Well, this is the final review of the last batch of books I got out of the West Florida Regional Library, and will probably be one of the last book reviews that I write for a week or so (tomorrow's review of the anime Sōkō no Strain will be the last review until I can get settled in a new house). I'm in the midst of moving, so I have very little time. I am reading Hal Spacejock but since I'm spending a lot of time packing most of my reading this week will probably be at the end of the week as we go on a house-buying trip to our new city.
But all of that is neither here nor there. We're here to talk about Jack Williamson's 2005 novel The Stonehenge Gate (ISBN: 0765308975). It's a moderate sized novel, with the hardcover edition clocking in at 316 pages. The dust jacket blurb reads:
A dark mystery has been buried beneath the sands of the Sahara desert since the beginning of time. In a basement in New Mexico, four poker buddies find reason to believe that a startling secret is out there...You know. I wanted to be excited about this. I did. Really. Sure, this is a story that has been done before; one of my favorite movies, and my third favorite Heinlein novel uses a similar concept. Of course they're not done exactly the same, but I just loved Stargate and while I know that not even Stargate originated the concept of linked gateways to different locations (as it's been a fantasy trope for many-many years now, and Heinlein used it in SF the mid-fifties), I think that Stargate did it best (though, like I said, I am fond of Tunnel in the Sky).

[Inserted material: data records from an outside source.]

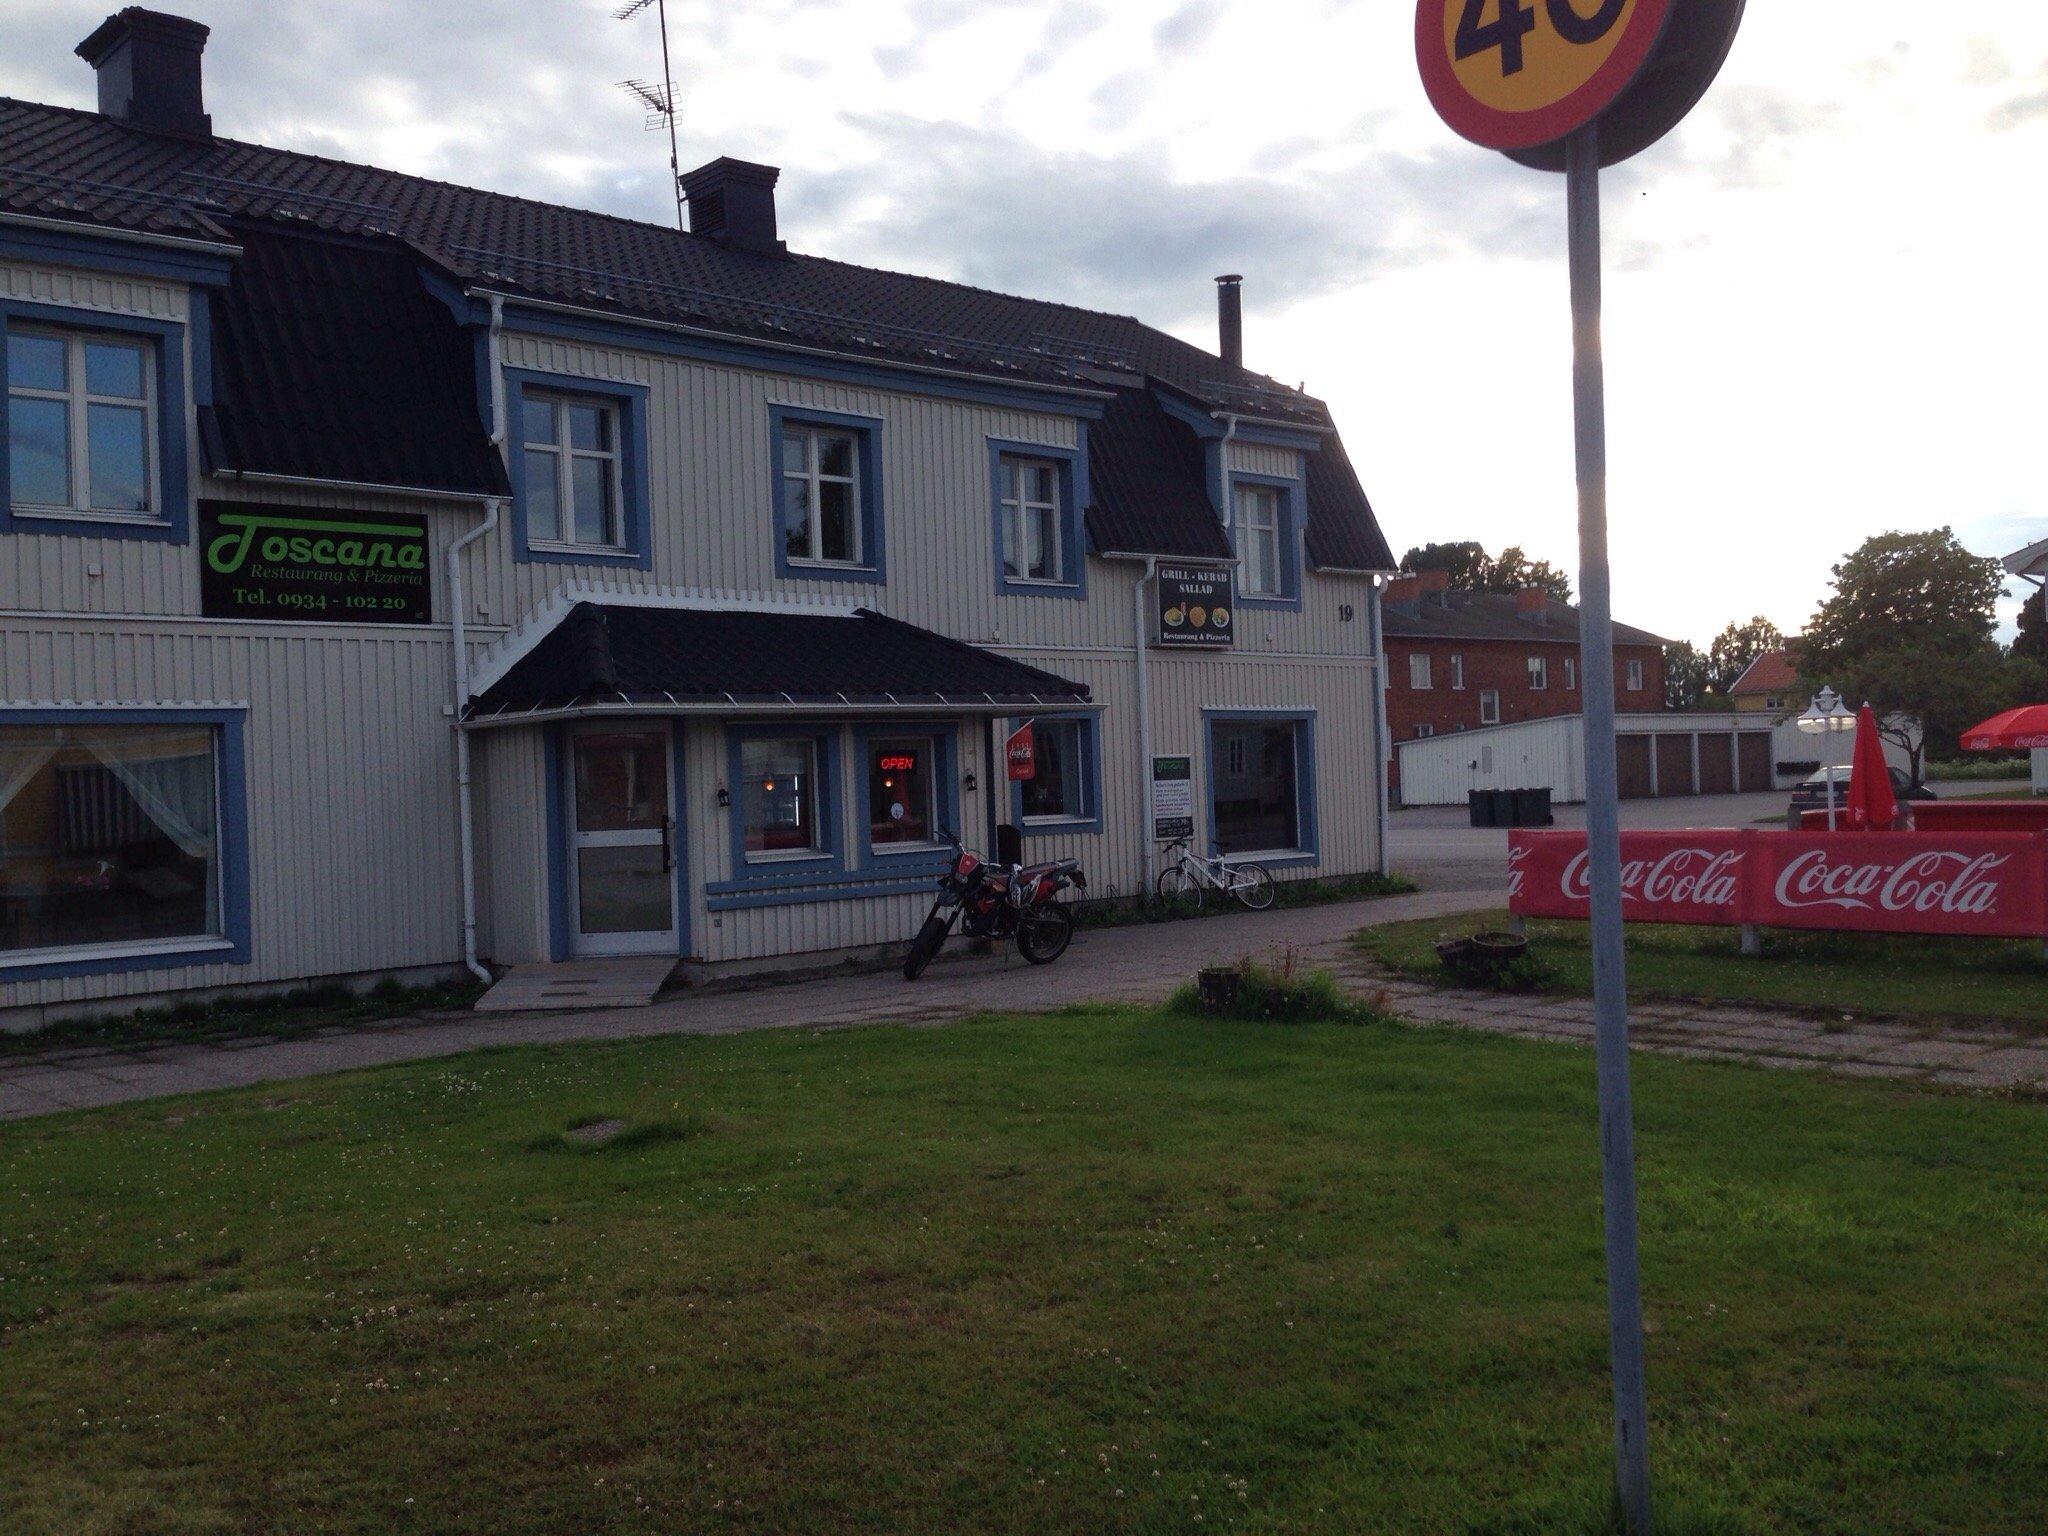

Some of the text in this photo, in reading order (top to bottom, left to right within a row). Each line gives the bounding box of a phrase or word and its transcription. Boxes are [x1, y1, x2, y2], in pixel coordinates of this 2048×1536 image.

[207, 514, 425, 573] Toscana
[251, 564, 424, 585] Restaurang & Pizzeria
[1197, 571, 1227, 582] KEBAB
[232, 589, 271, 605] Tel.
[277, 593, 328, 610] 0934
[382, 597, 406, 610] 20
[1179, 584, 1213, 594] SALLAD
[1339, 604, 1352, 622] 19
[881, 758, 913, 769] OPEN
[1561, 848, 1747, 905] Coa-Cola
[1775, 849, 2012, 914] Coca-Cola

These four amateur adventurers are about to uncover the key that could unlock the vast reaches of the universe.
A sudden burst of curiosity propels mild-mannered English professor Will Stone and his three friends to the Sahara to excavate a site where radar has evidently detected huge, assembled stones hidden beneath the sand. There they stumble upon an ancient artifact that will change their lives, and the world, forever...a gateway between planets, linking Earth to distant worlds, where they will discover wonders and terrors beyond imagining.
Jack Williamson, the dean of science fiction writers, weaves an exciting tale that takes the friends to the far corners of the universe. One leads an oppressed people to freedom. Another uncovers clues that could identify a long-dormant civilization of immortal beings. Now each traveler must play a crucial role in unraveling an ancient mystery, the solution to which may reveal the true origins of the human race.

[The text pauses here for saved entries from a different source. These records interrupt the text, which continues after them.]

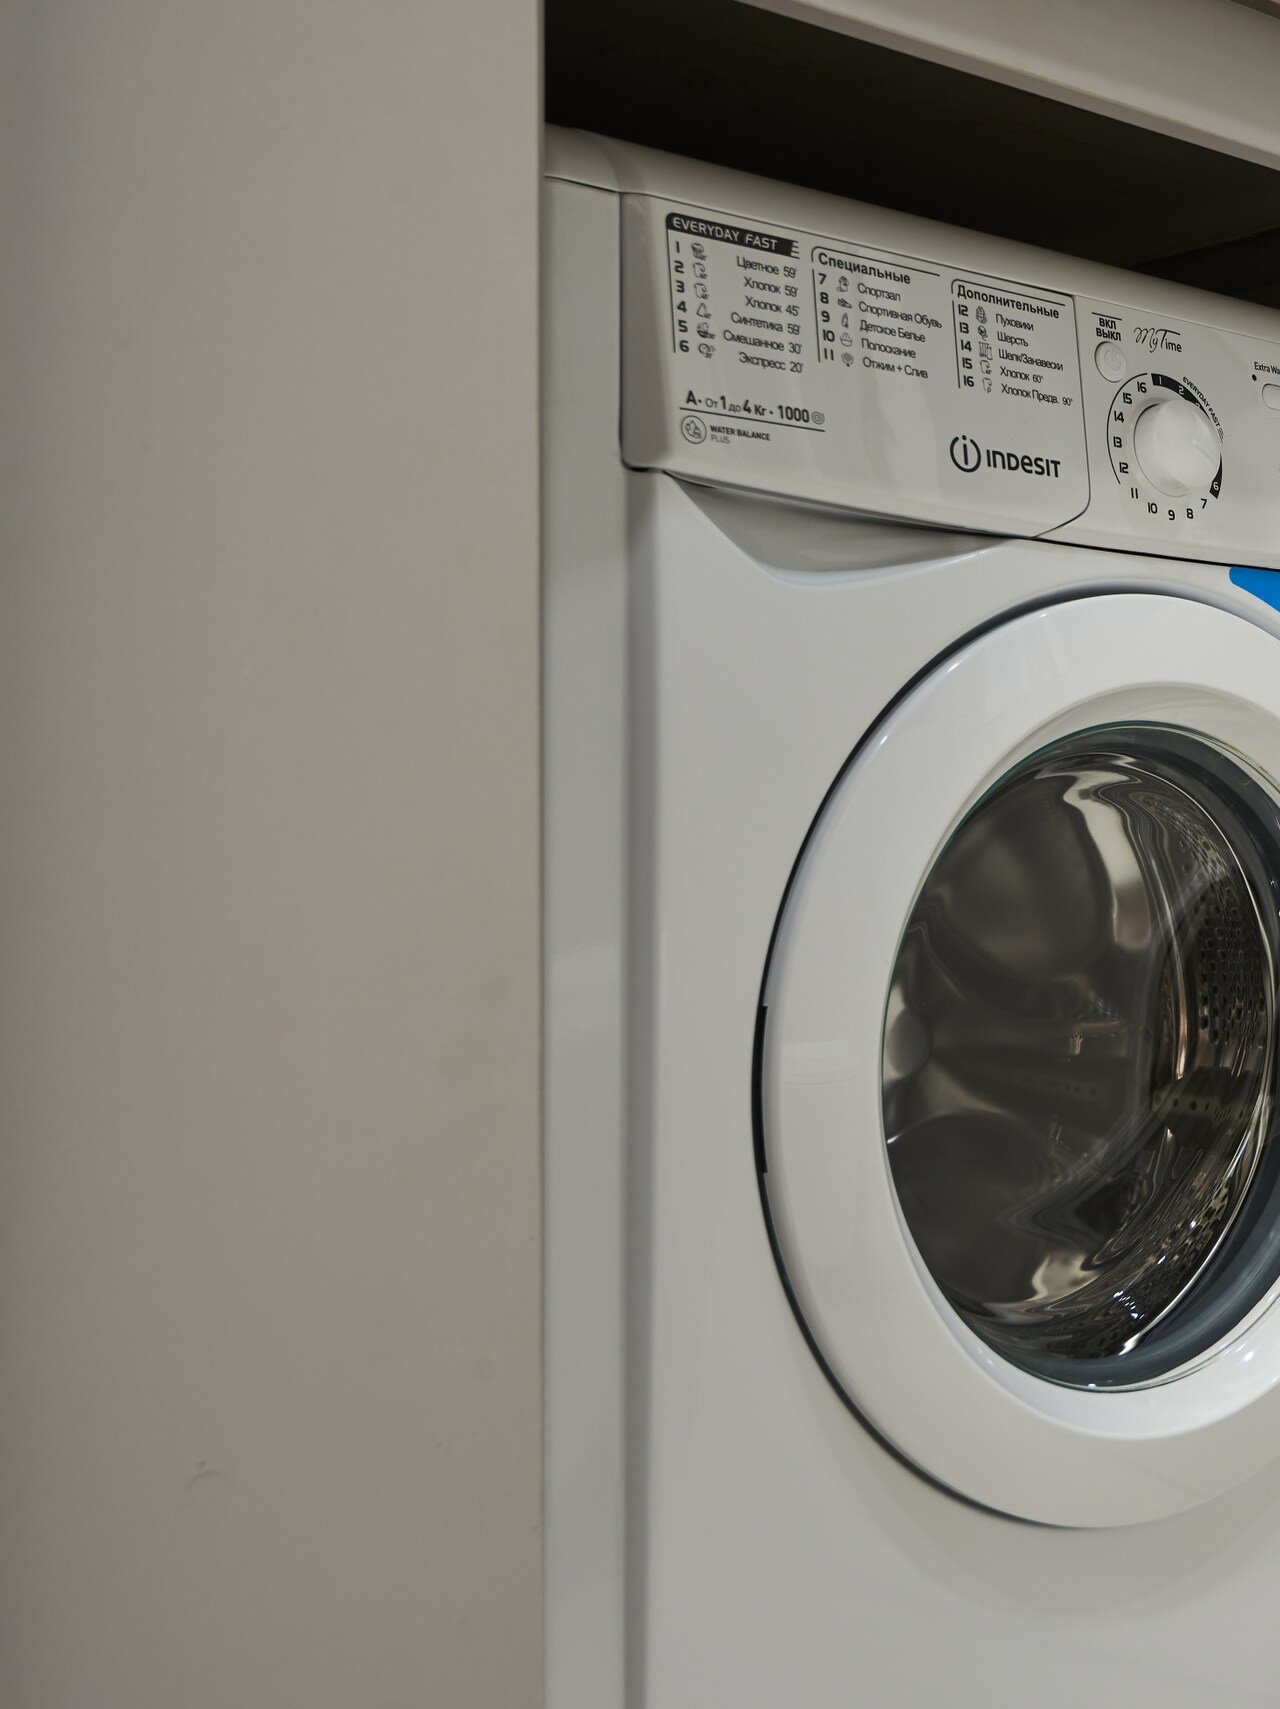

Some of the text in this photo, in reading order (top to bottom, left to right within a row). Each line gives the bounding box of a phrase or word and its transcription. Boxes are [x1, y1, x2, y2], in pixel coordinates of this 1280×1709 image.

[672, 217, 778, 250] EVERYDAY FAST
[675, 241, 681, 253] 1
[736, 256, 780, 275] Цветное
[818, 252, 911, 285] Специальные
[674, 260, 685, 274] 2
[744, 276, 781, 295] Хлопок
[818, 273, 901, 302] 7 Спортзал
[676, 280, 685, 293] 3
[745, 295, 782, 314] Хлопок
[957, 284, 1060, 319] Дополнительные
[676, 300, 688, 313] 4
[731, 312, 783, 333] Синтетика
[820, 292, 943, 329] 8 Спортивная Обувь
[958, 304, 1034, 331] 12 Пуховики
[678, 320, 688, 333] 5
[723, 330, 784, 352] Смешанное
[821, 310, 926, 343] 9 Детское Белье
[959, 322, 1029, 347] 13 Шерсть
[1096, 328, 1121, 342] ВЫКЛ
[1099, 318, 1116, 330] ВКЛ
[679, 340, 690, 352] 6
[739, 352, 786, 371] Экспресс
[823, 329, 916, 360] 10 Полоскание
[960, 340, 1064, 371] 14 Шелк/Занавески
[824, 348, 834, 361] 11
[863, 357, 895, 373] Отжим
[904, 364, 929, 379] Слив
[962, 357, 973, 369] 15
[1000, 365, 1030, 381] Хлопок
[1254, 362, 1270, 373] Extra
[963, 375, 974, 387] 16
[1001, 383, 1031, 398] Хлопок
[1032, 389, 1059, 404] Предв.
[1122, 392, 1132, 404] 15
[1136, 381, 1147, 393] 16
[1178, 385, 1184, 395] 2
[706, 398, 718, 408] От
[720, 395, 726, 410] 1
[729, 404, 741, 413] до
[743, 399, 751, 414] 4
[755, 404, 767, 416] Кг
[778, 405, 810, 423] 1000
[1183, 376, 1221, 427] EVERYDAY FAST
[1114, 411, 1124, 423] 14
[710, 425, 771, 441] WATER BALANCE
[711, 434, 730, 444] PLUS
[1113, 436, 1122, 448] 13
[1119, 462, 1129, 474] 12
[1131, 488, 1139, 499] 11
[1212, 481, 1219, 491] 6
[1147, 502, 1158, 514] 10
[1168, 509, 1175, 520] 9
[1186, 508, 1193, 519] 8
[1200, 498, 1207, 509] 7

If they can just survive their journeys back to earth...
But, all that aside, this is still a review of this book, and despite the overt similarities, I'll try to not allow my love for that particular movie impose on this review.

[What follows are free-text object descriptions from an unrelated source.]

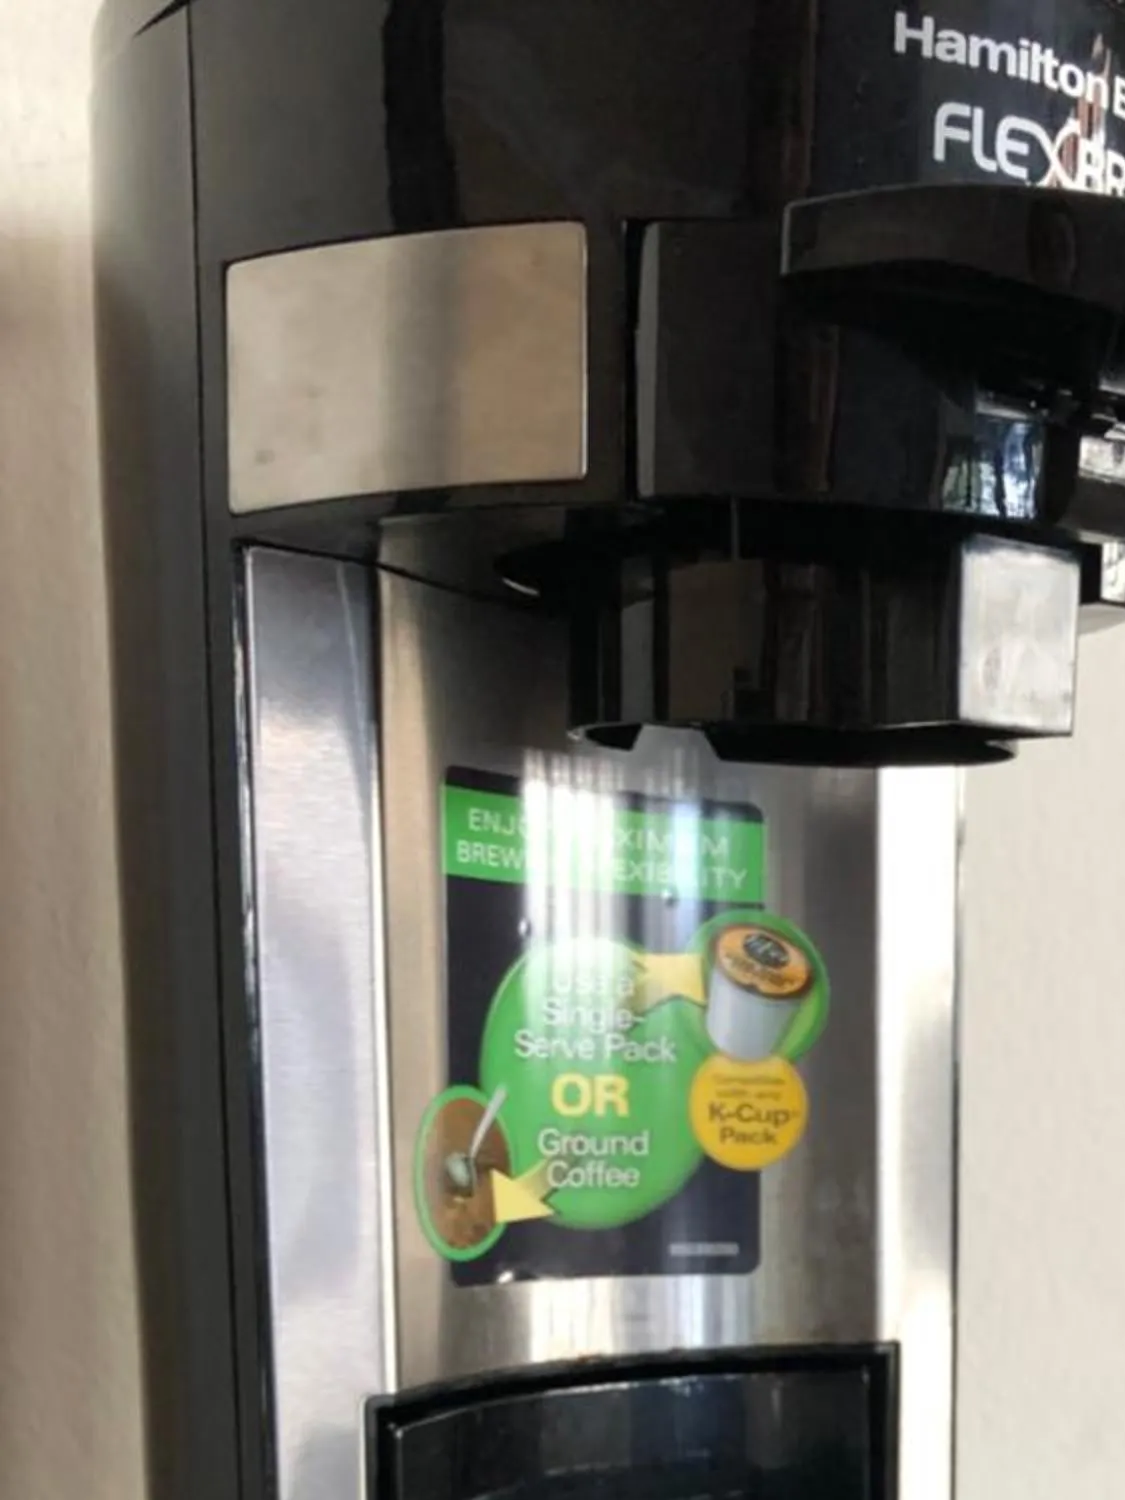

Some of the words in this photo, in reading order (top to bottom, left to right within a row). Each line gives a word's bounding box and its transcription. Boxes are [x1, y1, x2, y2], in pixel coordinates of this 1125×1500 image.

[894, 11, 1109, 109] Hamilton
[467, 807, 533, 840] ENJ
[514, 1029, 596, 1061] Serve
[604, 1033, 678, 1063] Pack
[551, 1073, 631, 1118] OR
[538, 1127, 650, 1156] Ground
[719, 1126, 778, 1146] Pack
[547, 1160, 641, 1188] Coffee

The plot of this book is simple. Four friends find these stones that look like Stonehenge, and will take you to various worlds. At which time they get separated and start spending a lot of time plodding around the universe trying to find one another and earth. Basically, it's Stargate mixed with Sliders (I know I said I would try to not let my love impose on the review, but that's a comparison, so it's fine). Execution wise, there's nothing wrong with this plot. It is pushed forward relatively swiftly but a decent pace does not always make a good read. After all, no matter how well a plot is executed, piss-poor characters can leave it quite dead.
The primary character here is Will Stone, professor of English at some university in New Mexico, with his three co-protagonists. He's an odd duck for POV character, in the fact that he's not a scientist, he's not athletic. In short, he's not the sort of person that one usually reads stories about. Frankly, he's a bit of a boor, and I didn't particularly care for him one way or the other. Which lead to a serious lack of dramatic tension in those parts of the books where we're supposed to care for him.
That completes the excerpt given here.